The Berkeley School of Information says Data Scientist is the #1 best job in America. They provide no explanation whatsoever as to what data science is. Why should they? Everyone’s hooked.
Interesting that the list includes statistics, statistical learning, and probability models. To name these as different things suggests the author is trying to come up with every possible thing to put in the list. Moreover, the list includes “unstructured” methods, meaning you dig around looking for something interesting; e.g. data mining, data warehousing, in some cases machine learning.

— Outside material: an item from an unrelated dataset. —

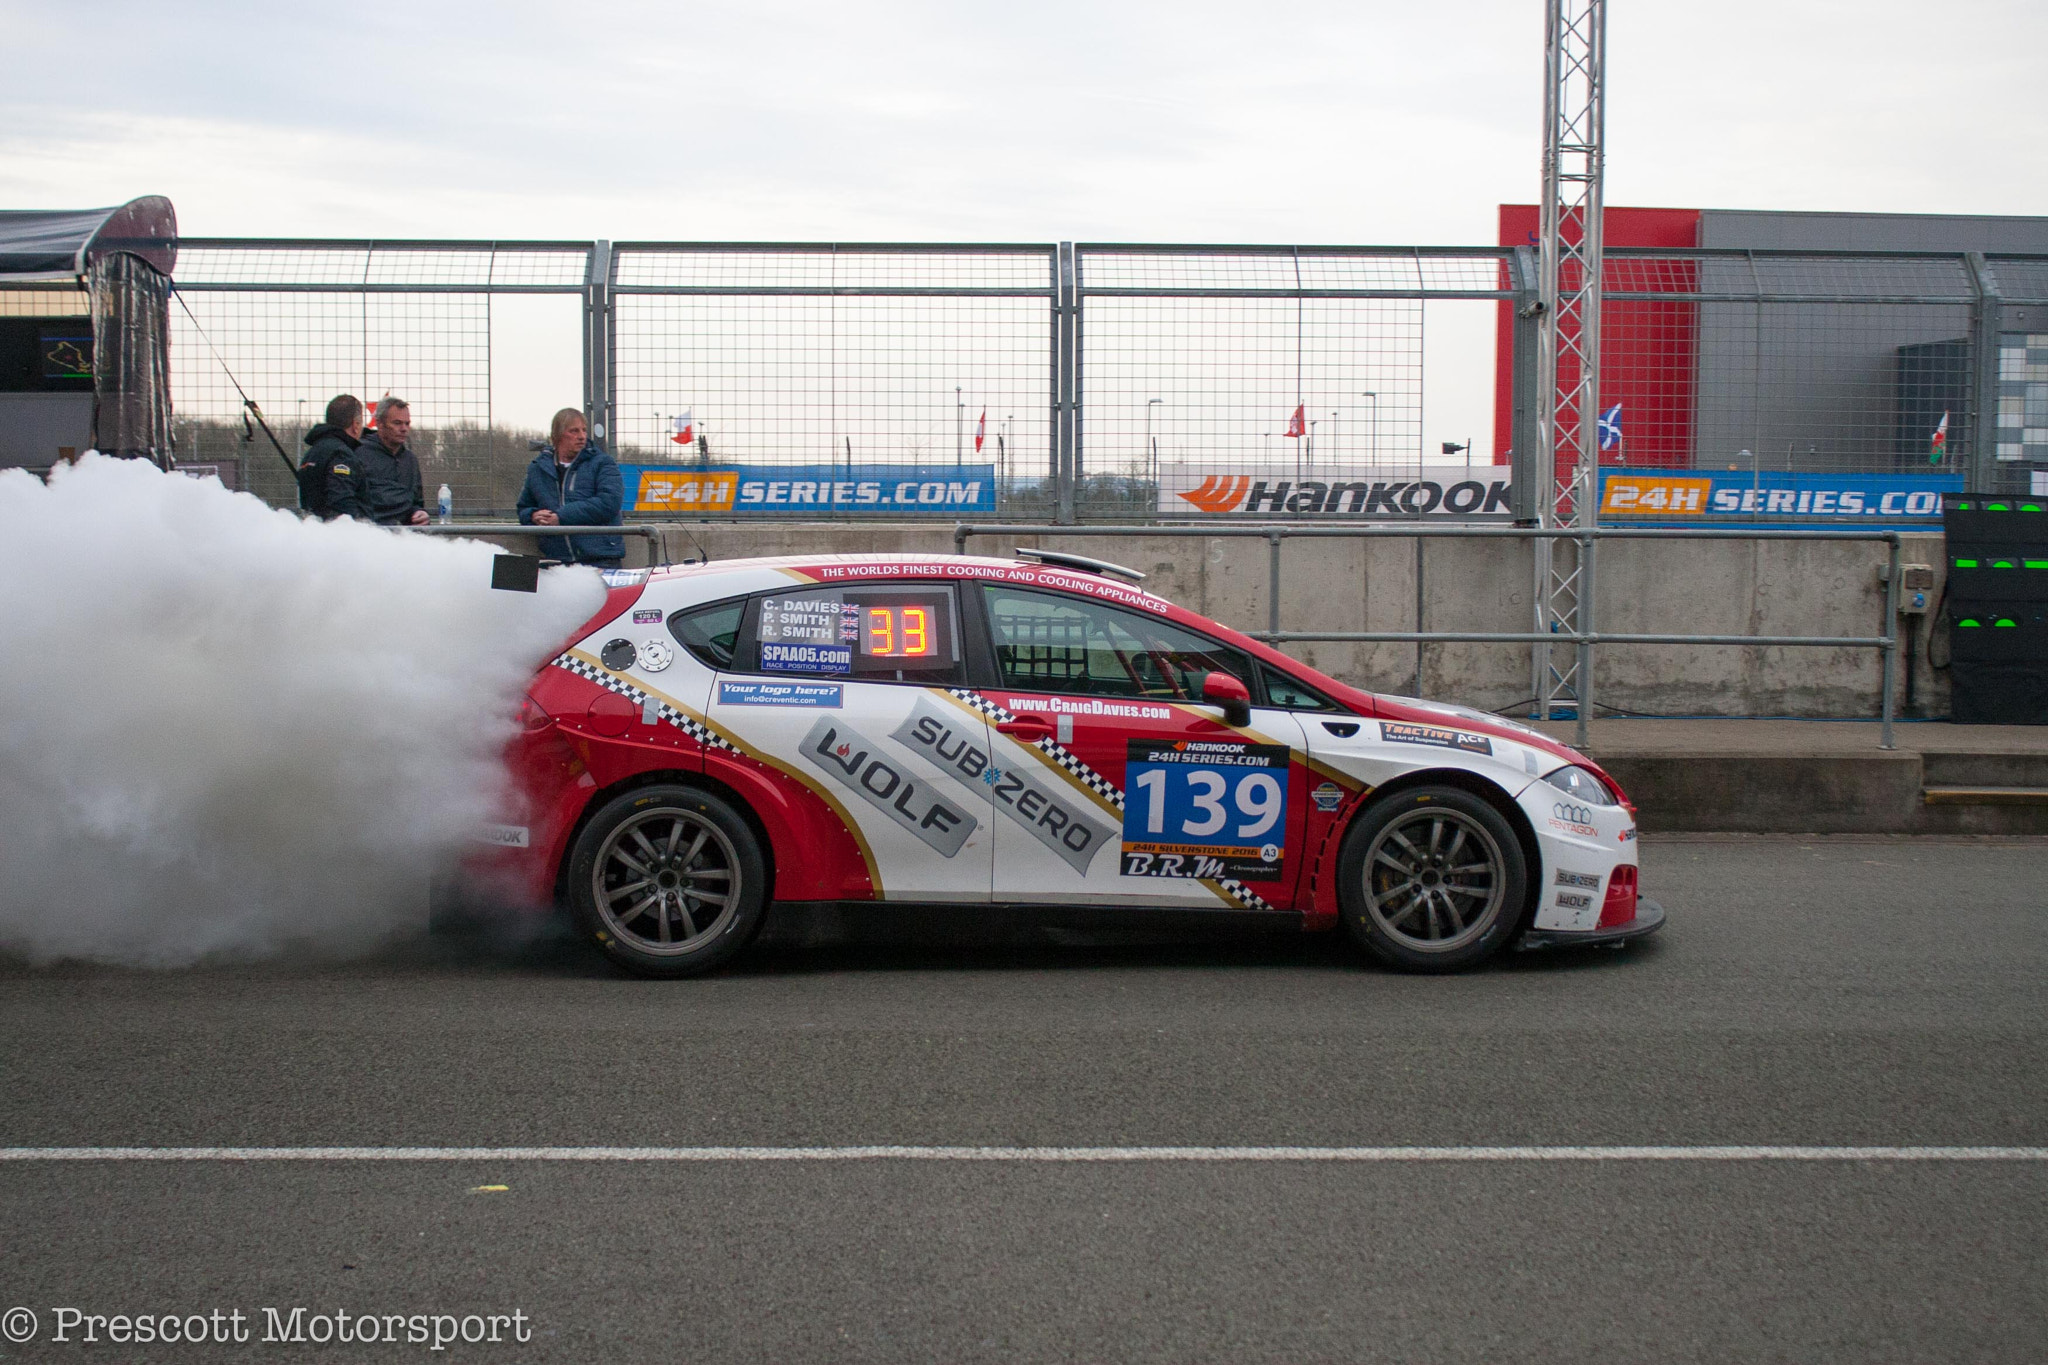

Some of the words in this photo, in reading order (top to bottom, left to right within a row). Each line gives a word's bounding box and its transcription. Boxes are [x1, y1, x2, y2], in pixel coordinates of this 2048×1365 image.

But the list also includes structured methods that require a hypothesis/model and either hypothesis tests or parameter estimation.
These are very different things, and it’s bothersome that everything has been lumped under one name. I’ve been doing statistical modeling, data collection, and various analyses, including compartmental analysis, classification, information theory, Monte Carlo’s, bootstraps, dynamical systems, signal processing, and so on, for 30 years, and I don’t think “data science” means anything at all.
Data science, being a meaningless term, may in turn be used by an engineer to mean practically anything. No doubt very large data sets are now being used for deep network training, estimating high-dimensional distributions, sub-sampling, bootstrapping or subsampling thousands of times without redundancy, and other productive tasks. My comments about data science don’t apply to everything that might be called data science. They apply to every enterprise where the investigator thinks knowledge can be gained simply by applying tests to the data without any particular question or model in mind.
Thinking at a slightly deeper level, observations of any Newtonian system are stochastic; measurements don’t yield numbers but rather probability distributions. [In quantum systems, observables are Hermitian operators; it’s a little more complicated.] Any analysis of stochastic measurements yields a probability distribution at the end. If assumptions about this distribution are violated along the way, or if any incorrect transformation is applied, the final distribution will be wrong, and the final conclusion will be biased. Poking around in the data, looking for patterns or clusters or any desired behavior, makes it almost impossible to apply a statistical model. Whenever a result is reported, and the probability space is not described, or the assumptions are not specified, or the effect of transformations on the distributions are not discussed (e.g. any linear transformation of a Gaussian makes a Gaussian), there is no good reason to believe the result.
At this moment one has an acute urge to wave off this nitpicking, and indeed it’s been waved off in speech research for decades.
Data science is not defined in a way that seems reasonable or even useful. It’s a sales technique–a poster–and people are flocking. Unaware that the term has no meaning; that it includes every possible analysis, the breadth and novelty of the term–and the aggressive advertising–are pulling in job candidates who will not be rewarded because they won’t even know what they’re doing. Every so often engineers do this–claim they can farm through large datasets and do wondrous things.
How? I’ve seen results like this published. They’re incoherent and largely useless.
But to learn something–anything–from data, nothing has come close, so far, to the scientific method put forth by Galileo. And if the discoveries of Einstein, Dirac, Schrodinger, Heisenberg, Poincare, De Broglie, Feynman, Gell-mann, Bell and others seem uninteresting or tedious, go spend 5 years studying “data science.” But think very carefully about it first.